Stand with your people in anxiety, honest and kind in word and deed.
Dietrich Bonhoeffer certainly faced trouble, derision, evil. In some ways his is the iconic response to evil in our time. Bonhoeffer lived and taught a non-religious Christian worldliness. Here is good news. We face the world free from the world. He knew that fundamentalism feeds on deep anxiety. To face the world in a free way, we need to face down our anxieties and face up to our challenges. Hence, Bonhoeffer faced trouble, derision, evil by facing the world freely, facing down anxieties, and facing up to responsibilities. “Only those who are obedient believe, and only those who believe are obedient” (Discipleship, 63). We recognize Christian truth “solely through the free experiment in living” (DBW 11, 415). He taught that there is no reality that is not Christ. “Christ is the center and power of the Bible, of the church, of theology, but also of humanity, reason, justice, and culture” (Ethics, 341). Luther began with Romans, but Bonhoeffer began with Matthew. Luther began with Paul, but Bonhoeffer began with Jesus. While Luther began with the obedience of faith, Bonhoeffer began with the faith of obedience. While Luther began with the faith of Abraham, Bonhoeffer began with the lilies of the field: ‘do not be anxious about tomorrow, tomorrow will be anxious for itself. Let the day’s own trouble be sufficient for the day.’

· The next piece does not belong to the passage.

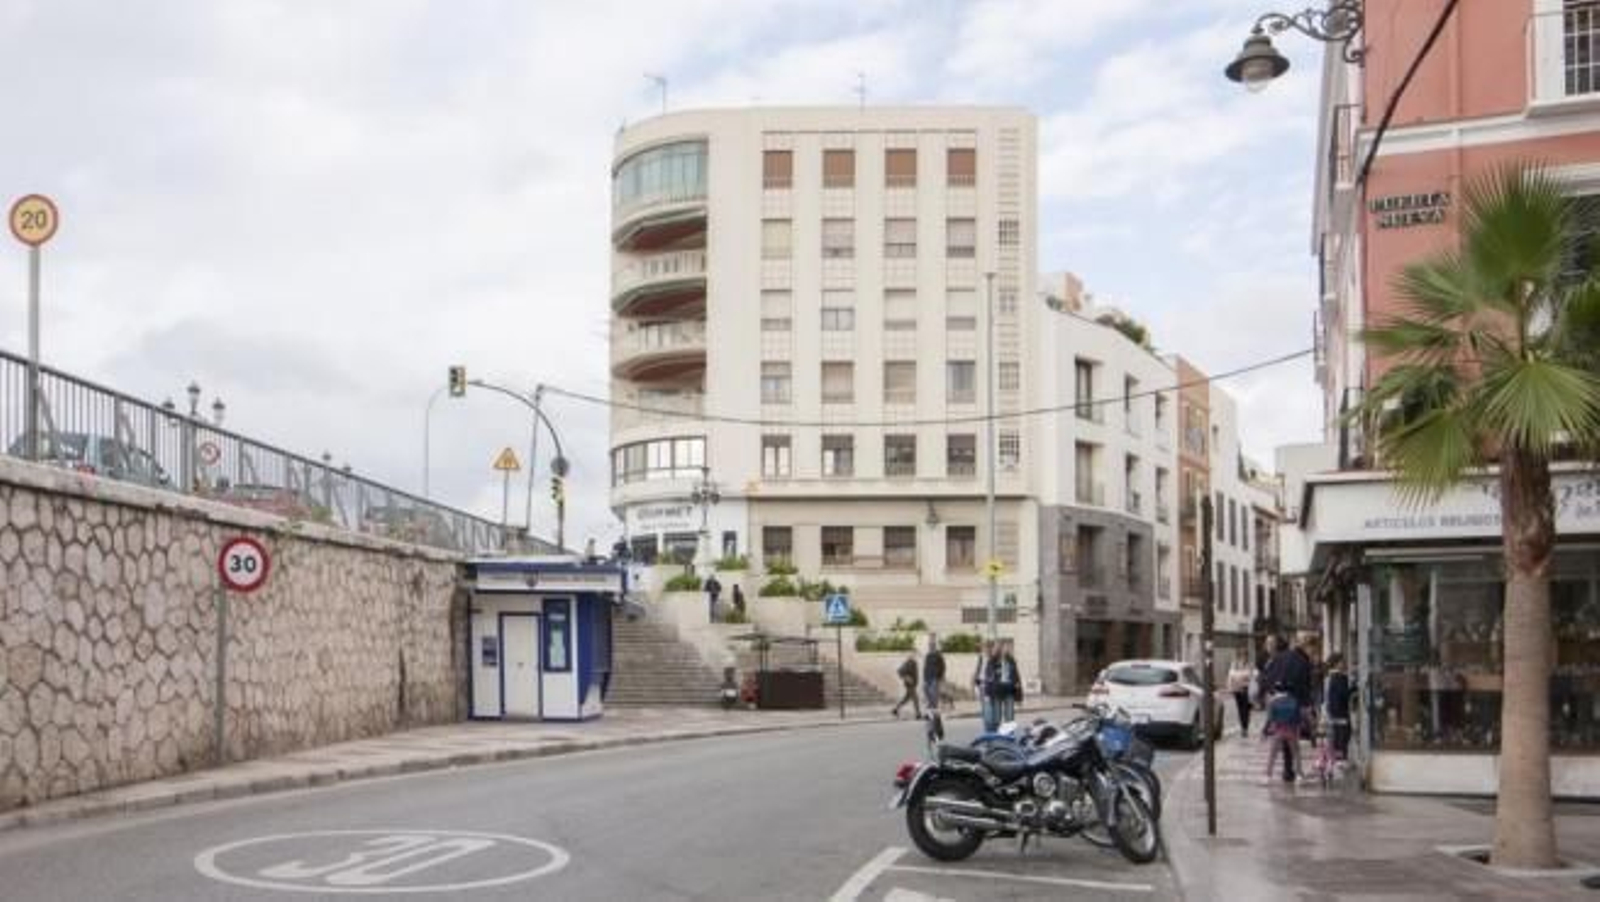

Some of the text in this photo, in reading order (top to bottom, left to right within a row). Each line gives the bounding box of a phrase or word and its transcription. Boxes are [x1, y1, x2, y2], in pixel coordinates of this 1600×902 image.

Have you read Bonhoeffer recently? My seminary roommate and I discovered midway through our first year that we were living in the room Bonhoeffer inhabited at Union Theological Seminary in 1931. If you travel light, you can meet life, and meet it square. You can face the world, free from the world. Months before the hanging, he was able to write (found in your hymnal, 517):
By gracious powers so wonderfully sheltered
And confidently waiting come what may
We know that God is with us night and morning
And never fails to greet us each new day
He is not Shakespeare, and I am not Kierkegaard and you are not Bonhoeffer, but we are alive today, to meet the day’s own trouble.
Stand with your people in defeat, honest and kind in word and deed.
Remind them of their own best past.
I hear Howard Thurman!
“The ocean and the night together surrounded my little life with a reassurance that could not be affronted by the behavior of human beings,” wrote Thurman. “The ocean at night gave me a sense of timelessness, of existing beyond the reach of the ebb and flow of circumstances. Death would be a minor thing, I felt, in the sweep of that natural embrace.”
Sursum Corda! Face the world. Free from the world.
And brush away the day’s own trouble…
Our new president seems to take life as it comes. He travels light. Do not be anxious about tomorrow. Tomorrow will be anxious for itself.
Last fall, there was some trouble, a day’s trouble. He was roundly criticized. Most criticism, by the way, has some truth in it. I think it was around the time of the great ‘lipstick on a pig’ incident, but my memory fades and fails.
The next day he stood before the cameras. He spoke and smiled. Sometimes a smile is better than a word. Then he took his right hand, as I am doing now, and he brushed it, knuckles down, across his left shoulder. Try it…when you get home. I mean, we aren’t going to get all slobbery with you, we wouldn’t presume to enter your personal space and suggest you try it right here (though you can if you want). Brush it away, the day’s own trouble. Sweep it away, the day’s own trouble. Flick it away, the day’s own trouble.